University of Kent - Thursday 14th June
There will be a meeting of the COW at the University of Kent, in Canterbury, on Thursday 14th June. All talks will be held in room SR3 of the Sibson building; a map may be found here. The schedule will be as follows.
|1:30pm||Fedor Bogomolov||Torsion Points of Elliptic Curves and Applications to Geometry of Arithmetic Curves|
|3:00pm||Sara Filippini||Orbital Degeneracy Loci and Applications|
|4:30pm||Miles Reid||The Tate-Oort Group and Godeaux Surfaces in Mixed Characteristic|
- Fedor Bogomolov (Courant Institute, New York and Higher School of Economics, Moscow) - Torsion Points of Elliptic Curves and Applications to Geometry of Arithmetic Curves
Let E be an elliptic curve over the complex numbers having a standard degree 2 projection E -> P1 to the projective line, with ramification the 2-torsion points of E. I consider the subset P(E) in P1 given as the projection of all the torsion points of E. For two different curves, P(E) and P(E') intersect in a finite set, in many cases in just 1 point.
In the most interesting case when E is defined over a subfield of Qbar, I use an iterative process based on P(E) to construct a nontrivial infinite algebraic extension of the field Q(j(E)), where j(E) is the j-invariant of E, which depends on Q(j(E)) and is strictly smaller than Qbar.
I consider some applications of results on the properties of the P(E) and their subsets to construction of unramified correspondences between curves of higher genus defined over arithmetic and finite fields.
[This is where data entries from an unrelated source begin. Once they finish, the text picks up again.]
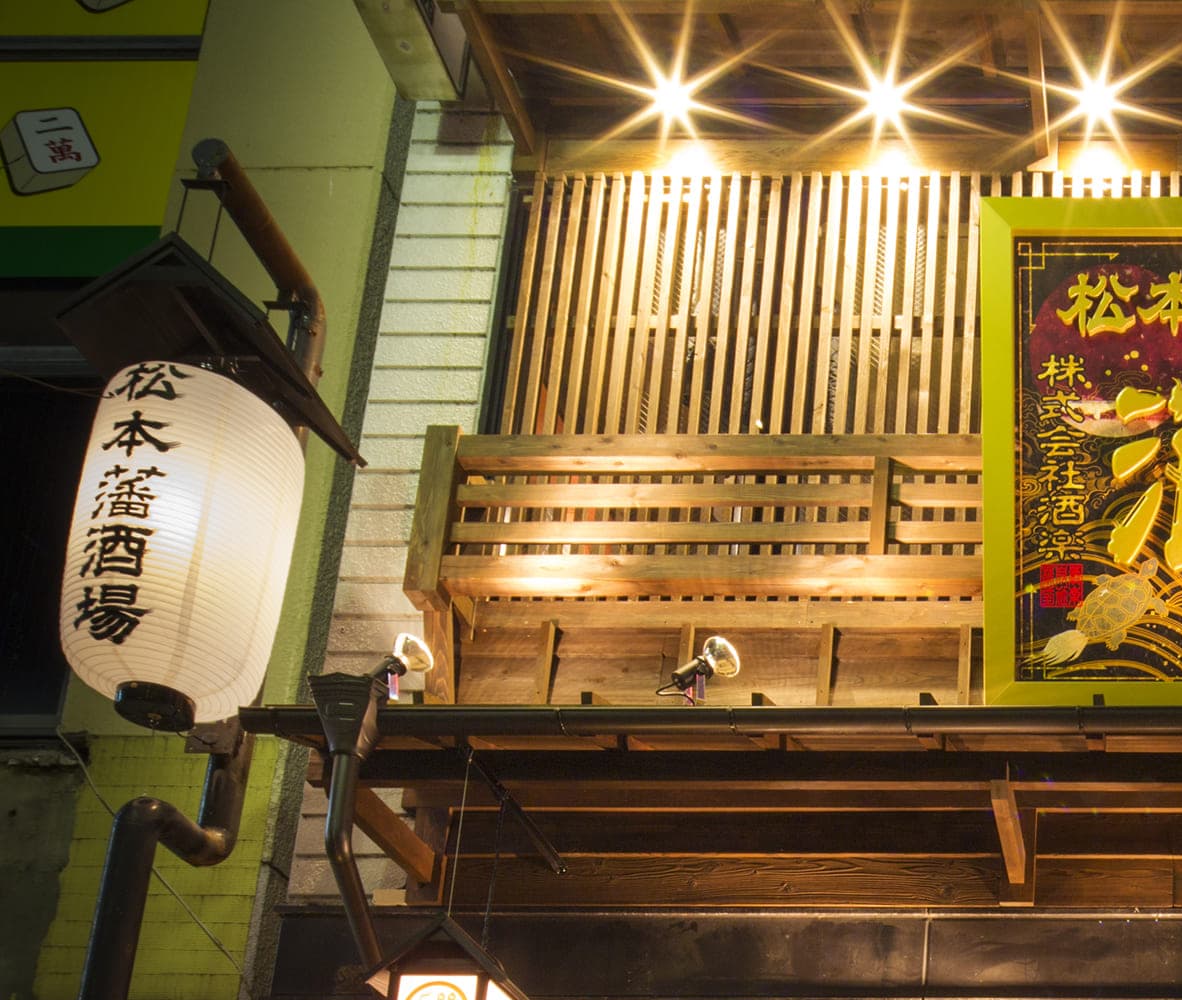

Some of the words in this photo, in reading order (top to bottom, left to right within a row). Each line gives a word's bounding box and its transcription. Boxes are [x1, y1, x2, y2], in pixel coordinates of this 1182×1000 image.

[73, 361, 191, 645] 松本藩酒場
[1037, 354, 1086, 560] 株式会社酒楽
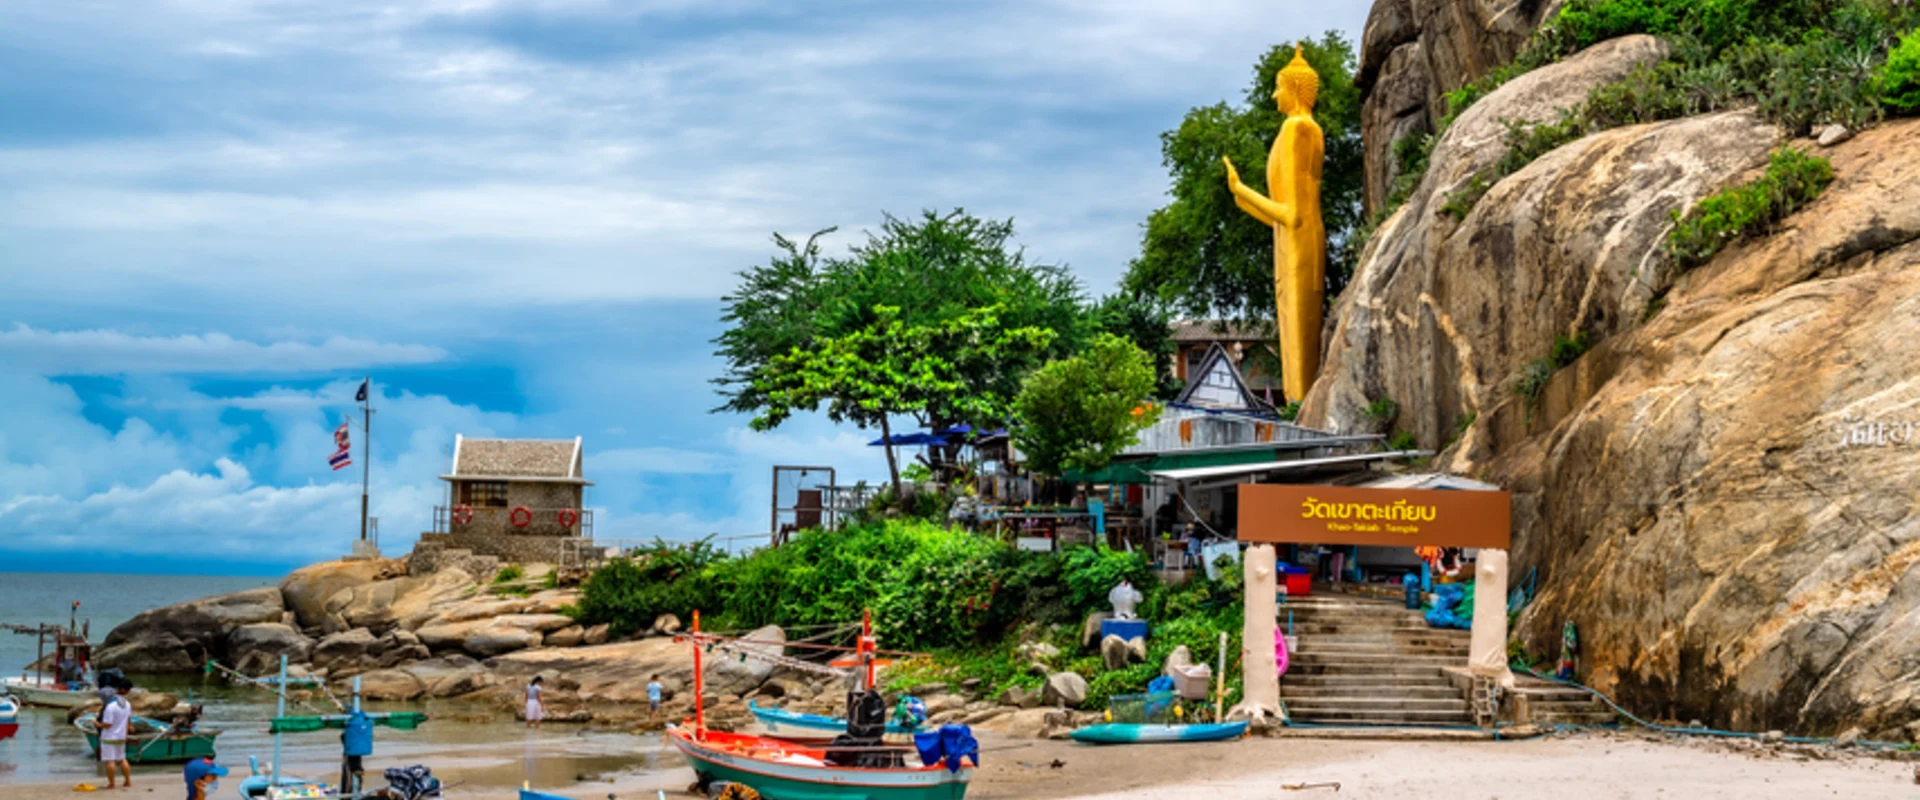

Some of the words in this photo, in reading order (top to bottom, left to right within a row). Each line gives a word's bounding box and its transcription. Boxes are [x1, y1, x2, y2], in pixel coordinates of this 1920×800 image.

[1302, 497, 1436, 521] วัดเขาตะเกียบ
[1385, 523, 1419, 534] Temple
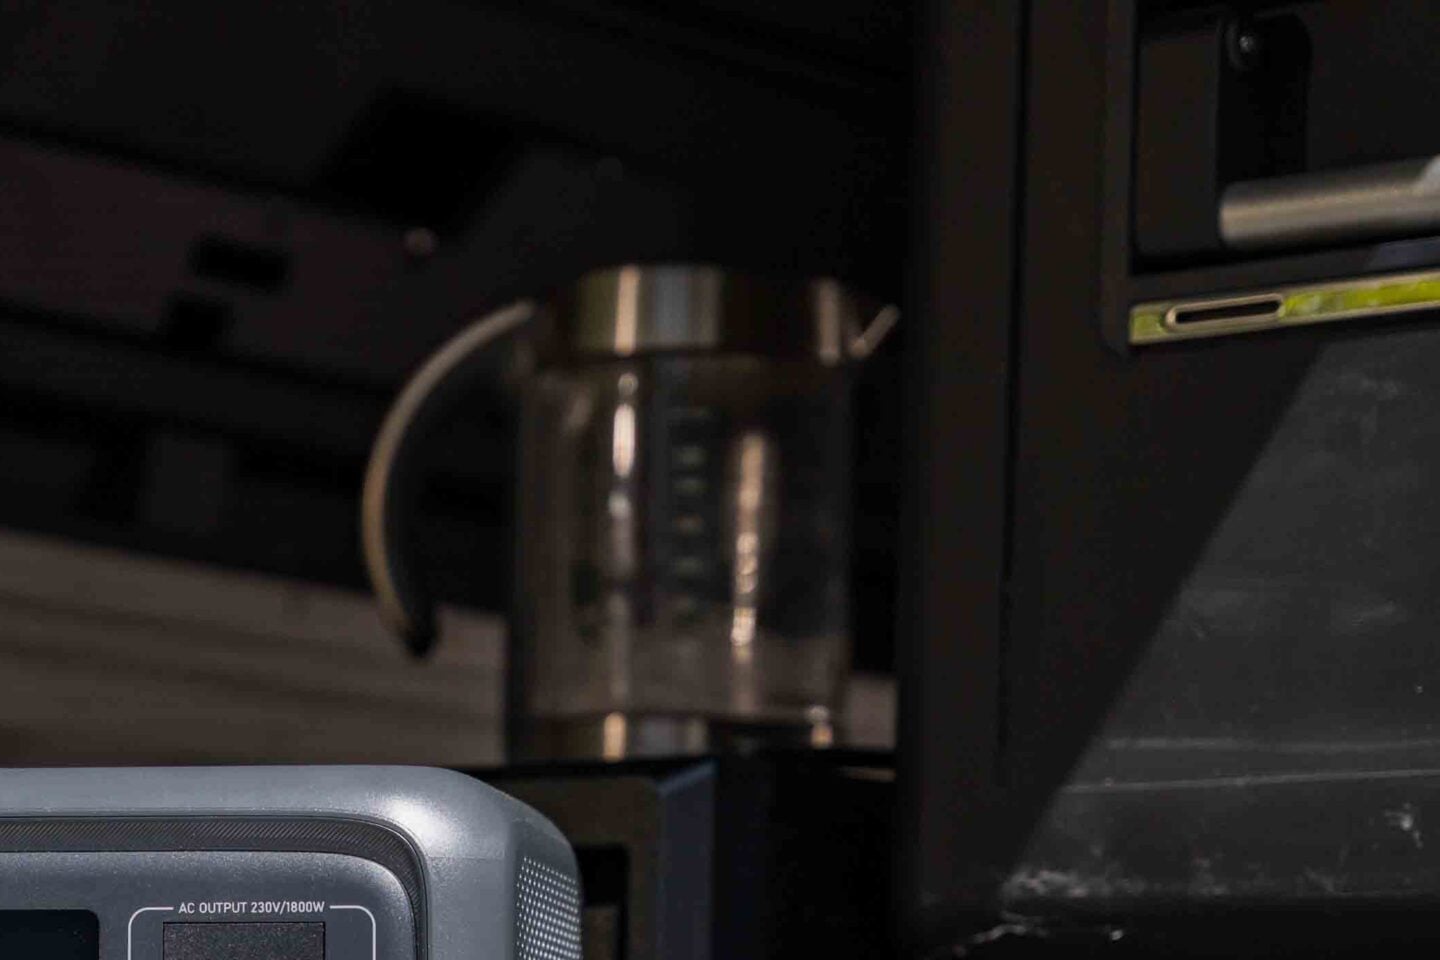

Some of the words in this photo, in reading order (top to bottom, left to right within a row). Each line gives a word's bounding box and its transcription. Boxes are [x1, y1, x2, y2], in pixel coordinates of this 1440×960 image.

[178, 902, 196, 915] AC
[199, 901, 248, 914] OUTPUT
[250, 900, 326, 915] 230V/1800W
Compare arXiv:1706.01586.
- Sara Filippini (Imperial) - Orbital Degeneracy Loci and Applications
- We consider a generalization of degeneracy loci of morphisms between vector bundles based on orbit closures of algebraic groups in their linear representations. Using a certain crepancy condition on the orbit closure we gain some control over the canonical sheaf in a preferred class of examples. This is notably the case for Richardson nilpotent orbits and partially decomposable skew-symmetric three-forms in six variables. We show how these techniques can be applied to construct Calabi-Yau manifolds and Fano varieties of dimension three and four. This is joint work with Vladimiro Benedetti, Laurent Manivel and Fabio Tanturri.
- Miles Reid (Warwick) - The Tate-Oort Group and Godeaux Surfaces in Mixed Characteristic
- Abstract forthcoming.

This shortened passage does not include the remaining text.